In seinem Grußwort dankte Landrat Theo Zellner der Hohenbogenliste für ihre beständige Arbeit für den Landkreis, für die loyale und kritische Zusammenarbeit. "Ihr vertretet die Interessen der Region um den Hohenbogen, ohne das Ganze des Landkreises aus dem Auge zu verlieren". Dabei lobte der Landrat vor allem den ständigen Dialog der Mitglieder und Mandatsträger und stellte fest, daß es der Hohenbogenliste nicht um Schlagzeilen sondern um eine gute Sacharbeit geht. "Ihr transportiert das, was man im Volk denkt", so der Landrat, der auch auf die jahrelange hartnäckige Arbeit der Hohenbogenliste in Sachen Südumgehung oder Drachensee herausstellte. Diese beiden Projekte seien unter anderem deshalb so weit fortgeschritten, weil die Hohenbogenliste seit fünfzehn Jahren so massiv darauf gedrängt und gute Vorarbeit geleistet hat. Handlungsbedarf gäbe es aber auch bei der Verbesserung der Bahnanbindung und beim Ausbau des Radwegenetzes in der Region. "Die Verlegung des Radwegs zwischen Arnschwang und Furth im Wald schaffen wir, wenn die beiden Kommunen und der Landkreis die Kosten zu je einem Drittel übernehmen", gab sich Zellner optimistisch. Eine wichtige Aufgabe für die nächsten Jahre sah der Landrat beim Radwegebau im Lückenschluß zwischen Neukirchen b. Hl. Blut und dem Drachensee. Auf die kommunalen Finanzen eingehend, meinte der Landrat, wenige Tage nach dem Aschermittwoch müsse man wohl für die nächsten zwei oder drei Jahre auch in den Köpfen eine gewisse Fastenzeit einläuten.
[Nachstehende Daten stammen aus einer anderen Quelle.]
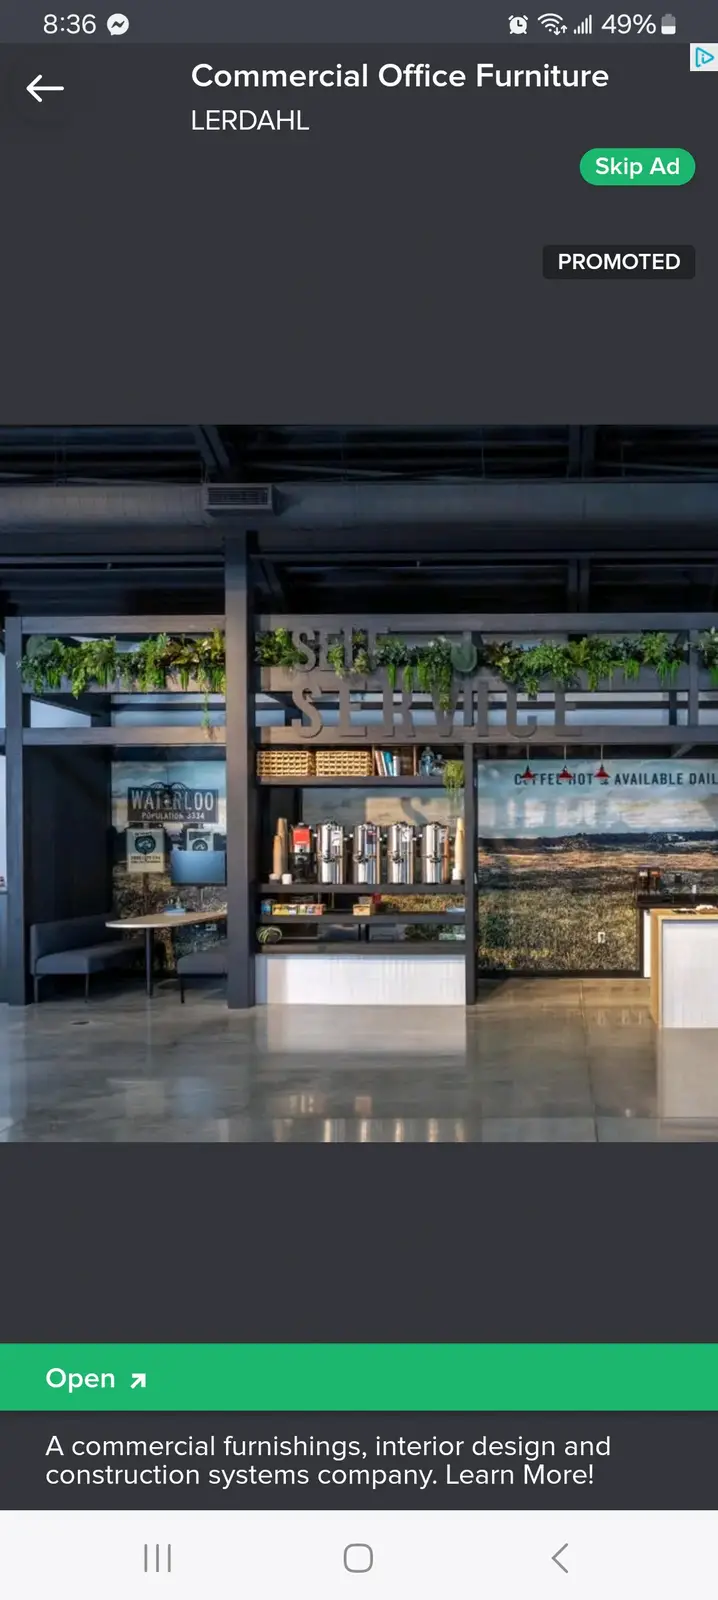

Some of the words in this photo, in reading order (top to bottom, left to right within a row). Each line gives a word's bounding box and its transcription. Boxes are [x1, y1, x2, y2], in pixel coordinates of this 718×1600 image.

Aufgrund sinkender Steuereinnahmen müsse an mancher Stelle bei Städten und Gemeinden aber auch beim Landkreis der Rotstift angesetzt werden.

Bezirkstagspräsident Franz Löffler stellte in seinem Grußwort die Notwendigkeit des Bezirks als dritter kommunaler Ebene dar. Gerade im sozialen Bereich habe der Bezirk unheimlich wichtige Aufgaben zu erfüllen. Neben der Sozialarbeit ging Löffler auf die erste stationäre Psychiatrie ein, die der Bezirk künftig am Chamer Krankenhaus betreien wird. Damit könne vielen Menschen gut und wirksam vor Ort geholfen werden, so Löffler, der für gute medizinische Einrichtungen auch im ländlichen Raum plädierte. Ein weiteres Thema war die berufliche Bildung, in der sich der Bezirk stark engagiert. Ein wichtiger Baustein sei die Gestaltungsakademie in Cham, die vielen jungen Leute eine qualifiziertes Studium ermöglicht. "Wir brauchen berufliche Bildung auch in der Fläche und nicht nur in den Zentren", appellierte Franz Löffler und warb gleichzeitig um die Soldiarität von Gemeinden und Landkreisen damit diese umfangreichen Aufgaben auch bezahlt werden können.

In der Zwischenzeit war Bundestagsabgeordneter Karl Holmeier eingetroffen, um im Gewand des "Bruder Barnabas" ans Rednerpult zu treten. Die Zeit beim Rückflug aus Berlin nutzte er, um passende Verse für die Fastenrede auszuarbeiten. Dabei spannte Holmeier den Bogen von der Bundeskanzlerin über den Vizekanzler, die Arge und Harz-IV bis hin zur Wirtschafts- und Finanzkrise. Aber auch die regionale Politik kam zur Sprache. So manche Begebenheit des letzten Jahres nutze Karl Holmeier aufgrund umfangreichem "Insider-Wissen", um in Versform sowohl die Mandatsträger als auch die fünf Mitgliedsgemeinden der Hohenbogenliste zu "derblecken". "So, jetzt is´aus, jetzt is´ der Flieger g´landt" beendete der MdB seine Reime. Er wünschte sich auch weiterhin eine gute Zusammenarbeit mit der Hohenbogenliste, die eine wichtige Funktion für den ganzen Landkreis hat.

Bild: MdB Karl Holmeier als "Bruder Barnabas" bereicherte heuer das traditionelle Fischessen der Hohenbogenliste, zu dem sich eine Reihe von Mandatsträgern und Vertretern der fünf Mitgliedsgemeinden eingefunden haben.